The consistency of the effect on recombination in exposed males on both the outbred CD-1 and inbred C3H background is striking and suggests that estrogens induce genome-wide epigenetic changes. Notably, our exposure window coincides with the end of the epigenetic reprogramming period in the male germline [66], raising the possibility that estrogenic exposure disrupts remethylation of the SSC genome. If this is indeed the case, the period of vulnerability during which estrogens can act to affect the SSC may be extensive; global demethylation of the germline occurs during migration and after colonization of the testis [67] and reprogramming follows immediately, with an extensive period of DNA remethylation that, in the mouse, extends from approximately 14.5 dpc to several days after birth [6870]. Thus, to understand the risk posed by estrogenic exposure, it will be important in future studies to carefully delineate the developmental window during which the testis is vulnerable. In this regard, the fact that the B6 strain is not sensitive to the recombination effects of estrogenic exposure makes it a useful tool not only in understanding the epigenetic changes to the SSC that mediate the effect, but also in identifying individuals who will be most susceptible to the effects of environmental estrogens.

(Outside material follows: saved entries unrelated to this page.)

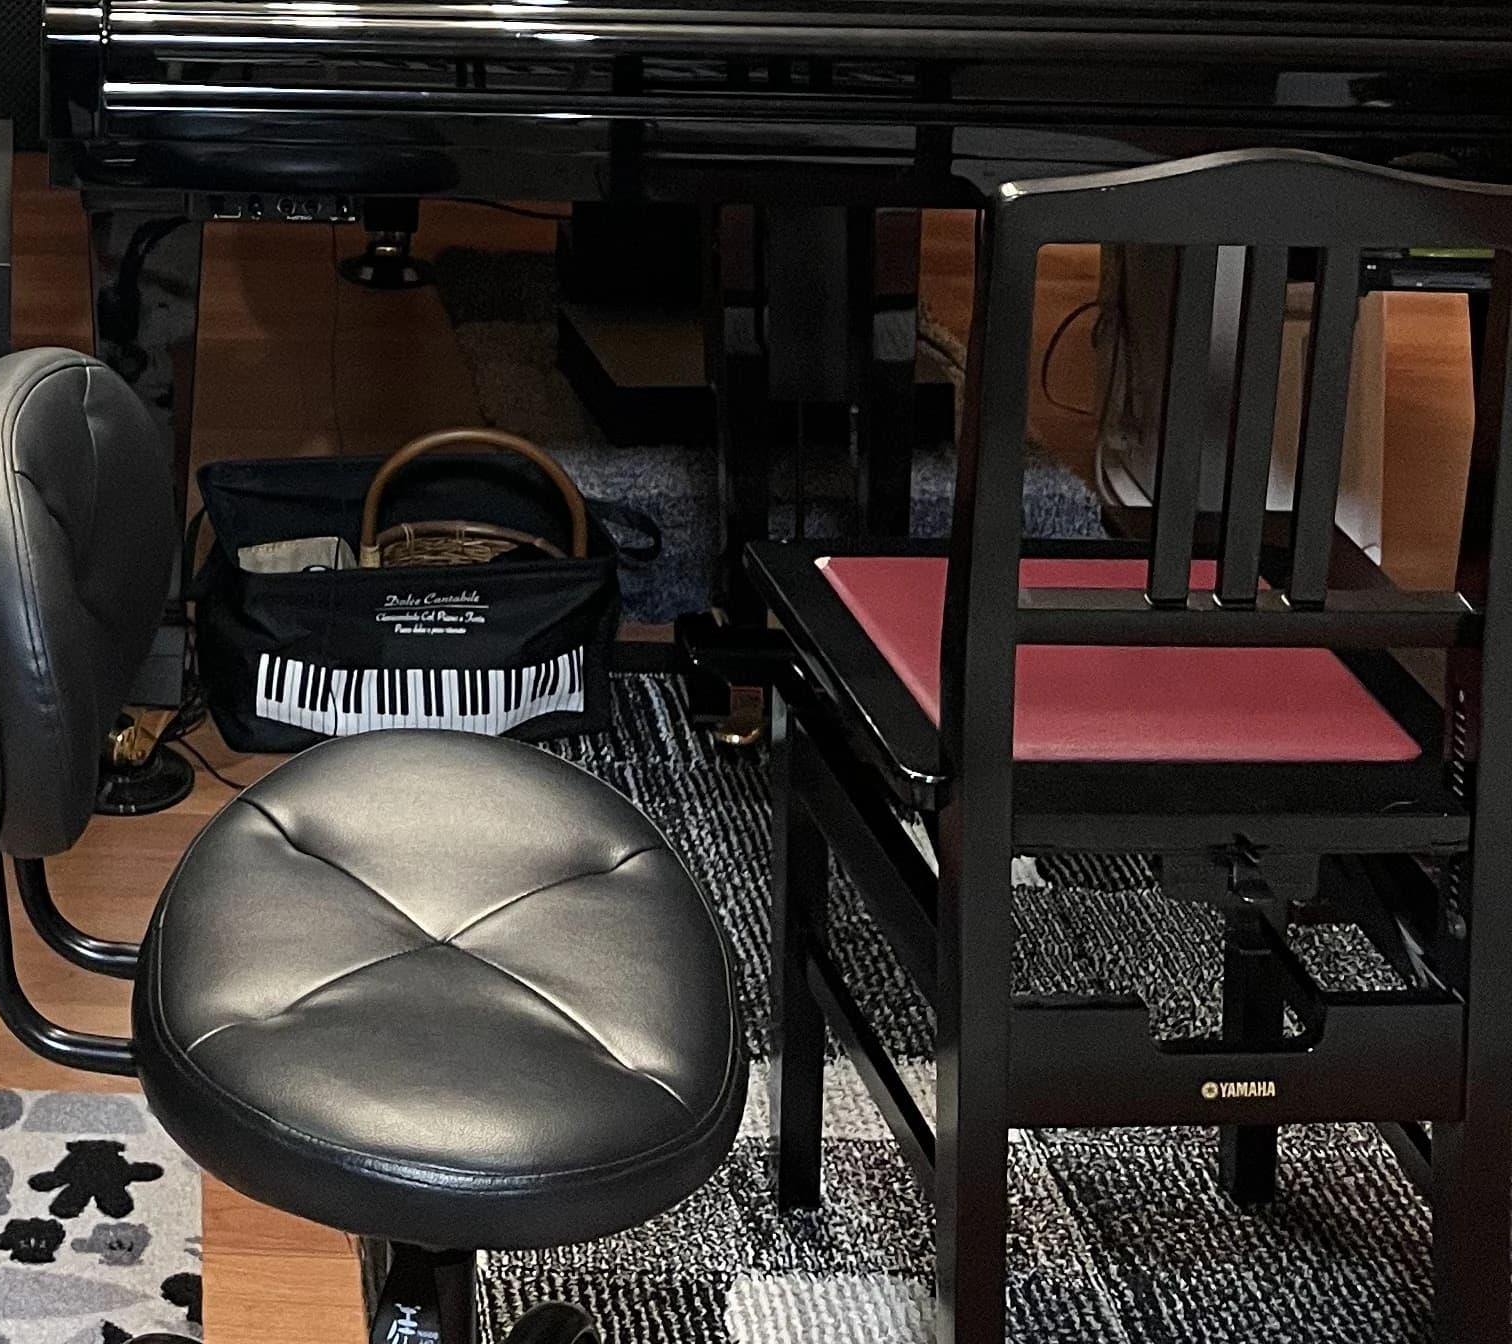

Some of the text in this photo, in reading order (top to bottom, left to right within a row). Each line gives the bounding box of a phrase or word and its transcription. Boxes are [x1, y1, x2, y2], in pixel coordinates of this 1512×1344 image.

[384, 590, 480, 607] Dolce Cantabile
[1219, 1081, 1276, 1098] YAMAHA
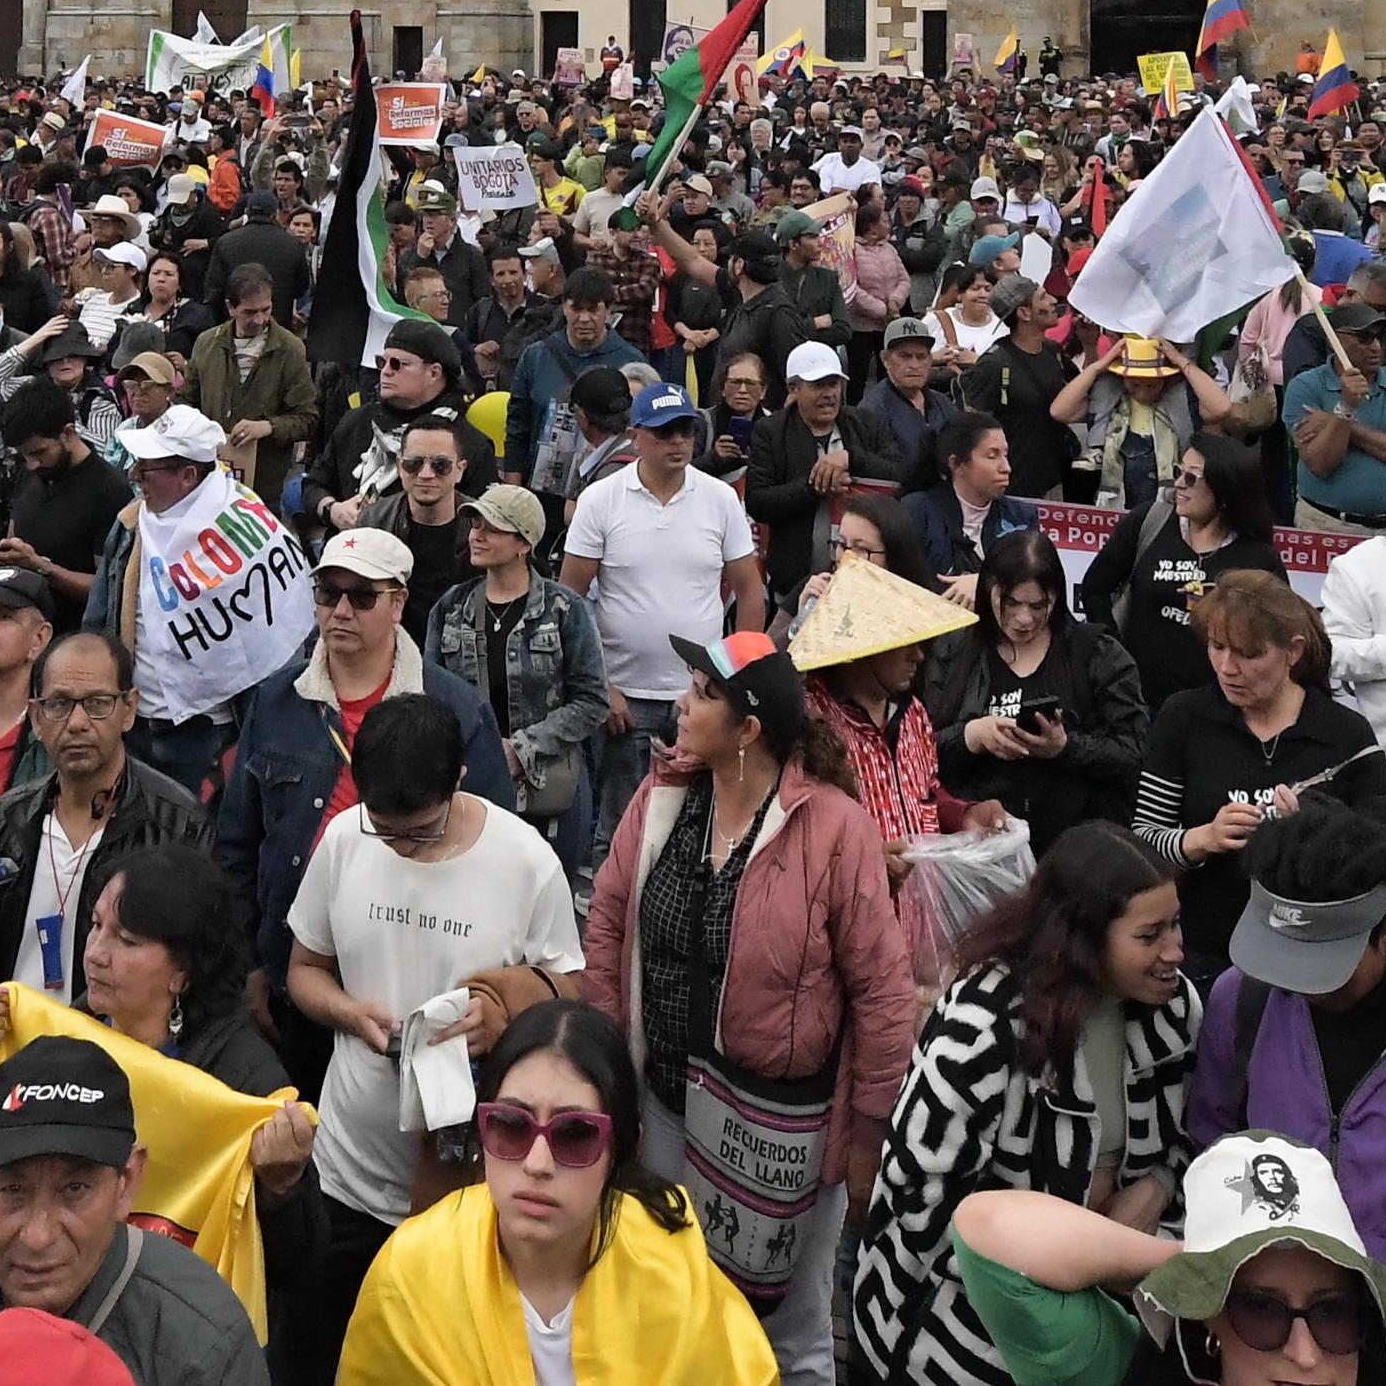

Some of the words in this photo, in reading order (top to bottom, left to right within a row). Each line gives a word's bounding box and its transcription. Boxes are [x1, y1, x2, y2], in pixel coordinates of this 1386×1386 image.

[390, 106, 434, 119] Reformas
[461, 157, 525, 176] UNITARIOS
[1158, 559, 1173, 570] YO
[1175, 560, 1196, 571] SOY
[1227, 790, 1249, 804] YO
[368, 902, 410, 926] trust
[418, 913, 437, 931] no
[443, 917, 472, 937] one
[1273, 903, 1303, 921] NIKE
[22, 1083, 105, 1103] FONCEP
[723, 1116, 808, 1165] RECUERDOS
[719, 1141, 749, 1168] DEL
[755, 1157, 805, 1190] LLANO

Sex-specific differences in meiotic effects

We previously reported that, in female mice, BPA exposure during fetal development results in an increase in synaptic defects and in MLH1 foci in pachytene stage oocytes [33]. Although we attempted to recapitulate in males the exposure window that induced meiotic effects in the female, the sex-specific differences are striking: In males, synaptic defects are not increased, and meiotic recombination levels are significantly reduced, not increased by exposure. The mechanism of action also appears to be sex-specific. In females, BPA acts as an ER-beta antagonist, phenocopying the absence of ER-beta signaling [33]. In contrast, in the male, the effect is not confined to BPA and EE elicits a more severe reduction in recombination (Table 1), suggesting that meiotic effects in the male may be elicited by a variety of environmental estrogens. Importantly, however, in both sexes exposure can impact the entire reproductive lifespan of the individual, albeit for different reasons: All oocytes enter meiosis prenatally, and exposure coinciding with this period of germ cell development can impact the entire cohort of eggs, reducing the genetic quality of the eggs produced. In males, the current results suggest that perinatal exposure can induce permanent changes to the stem cell population of the testis, permanently changing recombination rates and reducing the number of cells that can successfully complete meiosis and give rise to viable sperm.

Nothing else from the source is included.